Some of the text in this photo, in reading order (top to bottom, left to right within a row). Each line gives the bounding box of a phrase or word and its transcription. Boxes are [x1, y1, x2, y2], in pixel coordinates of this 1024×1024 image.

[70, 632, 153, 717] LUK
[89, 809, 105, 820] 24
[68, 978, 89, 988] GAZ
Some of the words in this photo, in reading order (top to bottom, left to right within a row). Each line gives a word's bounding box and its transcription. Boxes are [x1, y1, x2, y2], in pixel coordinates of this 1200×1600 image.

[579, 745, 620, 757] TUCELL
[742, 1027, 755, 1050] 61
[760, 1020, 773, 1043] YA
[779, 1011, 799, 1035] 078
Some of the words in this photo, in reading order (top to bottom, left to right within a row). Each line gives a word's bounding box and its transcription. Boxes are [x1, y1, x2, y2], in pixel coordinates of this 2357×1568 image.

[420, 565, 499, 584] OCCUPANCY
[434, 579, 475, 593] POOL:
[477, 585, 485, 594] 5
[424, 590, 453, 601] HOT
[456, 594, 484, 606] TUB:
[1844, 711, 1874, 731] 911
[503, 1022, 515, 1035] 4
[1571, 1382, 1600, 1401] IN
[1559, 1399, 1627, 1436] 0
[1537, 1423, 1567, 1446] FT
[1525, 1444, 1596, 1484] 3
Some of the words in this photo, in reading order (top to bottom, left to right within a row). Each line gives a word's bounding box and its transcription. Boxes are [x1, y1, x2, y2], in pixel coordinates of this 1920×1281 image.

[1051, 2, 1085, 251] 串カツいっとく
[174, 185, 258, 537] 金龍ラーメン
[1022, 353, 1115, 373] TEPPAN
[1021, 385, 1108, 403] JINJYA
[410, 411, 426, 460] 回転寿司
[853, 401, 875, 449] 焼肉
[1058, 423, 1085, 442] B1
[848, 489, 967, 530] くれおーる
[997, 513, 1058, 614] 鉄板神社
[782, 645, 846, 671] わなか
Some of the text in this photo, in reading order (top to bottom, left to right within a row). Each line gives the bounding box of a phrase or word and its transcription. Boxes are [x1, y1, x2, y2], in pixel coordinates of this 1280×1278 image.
######
* Problem: Would you copy out all of the entries exactly?

* Answer area:
Some of the text in this photo, in reading order (top to bottom, left to right within a row). Each line gives the bounding box of a phrase or word and its transcription. Boxes are [x1, y1, x2, y2], in pixel coordinates of this 1024×1024 image.

[70, 632, 153, 717] LUK
[89, 809, 105, 820] 24
[68, 978, 89, 988] GAZ
Some of the words in this photo, in reading order (top to bottom, left to right within a row). Each line gives a word's bounding box and its transcription. Boxes are [x1, y1, x2, y2], in pixel coordinates of this 1200×1600 image.

[579, 745, 620, 757] TUCELL
[742, 1027, 755, 1050] 61
[760, 1020, 773, 1043] YA
[779, 1011, 799, 1035] 078
Some of the words in this photo, in reading order (top to bottom, left to right within a row). Each line gives a word's bounding box and its transcription. Boxes are [x1, y1, x2, y2], in pixel coordinates of this 2357×1568 image.

[420, 565, 499, 584] OCCUPANCY
[434, 579, 475, 593] POOL:
[477, 585, 485, 594] 5
[424, 590, 453, 601] HOT
[456, 594, 484, 606] TUB:
[1844, 711, 1874, 731] 911
[503, 1022, 515, 1035] 4
[1571, 1382, 1600, 1401] IN
[1559, 1399, 1627, 1436] 0
[1537, 1423, 1567, 1446] FT
[1525, 1444, 1596, 1484] 3
Some of the words in this photo, in reading order (top to bottom, left to right within a row). Each line gives a word's bounding box and its transcription. Boxes are [x1, y1, x2, y2], in pixel coordinates of this 1920×1281 image.

[1051, 2, 1085, 251] 串カツいっとく
[174, 185, 258, 537] 金龍ラーメン
[1022, 353, 1115, 373] TEPPAN
[1021, 385, 1108, 403] JINJYA
[410, 411, 426, 460] 回転寿司
[853, 401, 875, 449] 焼肉
[1058, 423, 1085, 442] B1
[848, 489, 967, 530] くれおーる
[997, 513, 1058, 614] 鉄板神社
[782, 645, 846, 671] わなか
Some of the text in this photo, in reading order (top to bottom, left to right within a row). Each line gives the bounding box of a phrase or word and its transcription. Boxes are [x1, y1, x2, y2], in pixel coordinates of this 1280×1278 image.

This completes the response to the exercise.